The third edition of the for-the-classroom anthology, Understanding Poetry, by Cleanth Brooks and Robert Penn Warren, was published in 1960. I've made a blog entry here. (The jacket depicted at left is the 60s-style fourth edition. I'll eventually replace it with the third.)
What interests me for the moment is the way the editors dictated the order in which a poem of historical or political significance should be treated in the classroom. What was "prior" was the poem as a poem; then and only then could it "offer illumination" as a "document." Such illumination was possible, at least in the abstract, but literary significance must be comprehended first.
And never mind the notion--which, in the late 30s when the first edition was published, was of interest to a number of poets ranging from Reznikoff to Rukeyser to Pound to Norman Rosten--that a poem could consist of documents or be a kind of document itself. I wonder whether the 1960 accounts for this possibility. I'll soon be reading the new preface and will report back.
From the 1960 preface:
[] "Poetry gives us knowledge. It is a knowledge of ourselves, in relation to the world."
[] "[W]e miss the value of poetry if we think of its characteristic knowledge as consisting of 'messages,' statements, snippets of doctrine. The knowledge that poetry yields is available to us only if we submit ourselves to the massive, and subtle, impact of a poem as a whole."
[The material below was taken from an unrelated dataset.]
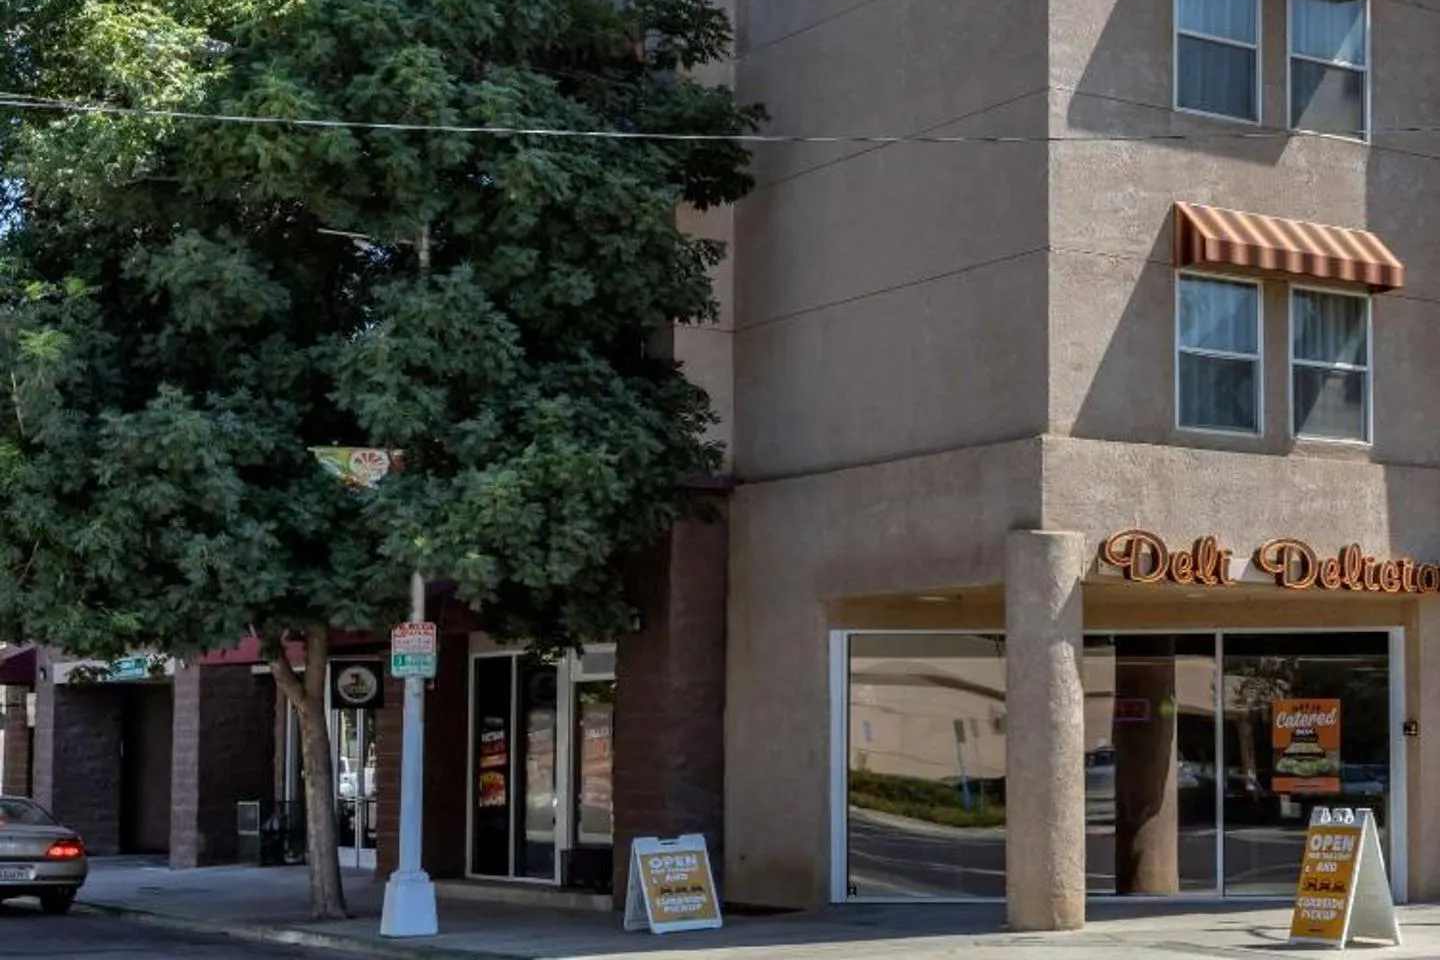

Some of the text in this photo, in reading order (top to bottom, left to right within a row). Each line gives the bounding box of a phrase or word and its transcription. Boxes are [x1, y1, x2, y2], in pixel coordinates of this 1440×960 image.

Snippets of doctrine are bad: this of course ignores the entire tradition - yes, by 1960 it's an well-tried manner - of collage, wherein pieces of others' statements can be included in the poem without the assumption of a subject (subject position) necessarily aligned with it.
You can't feel the aura of a poem unless you submit. Submit to what? A thing that is massive and yet subtle. (As opposed to massive and unsubtle, which is the effect of messages, statements and even snippets of doctrine.
Whole: ditto the point about snippets. Wholes, not parts.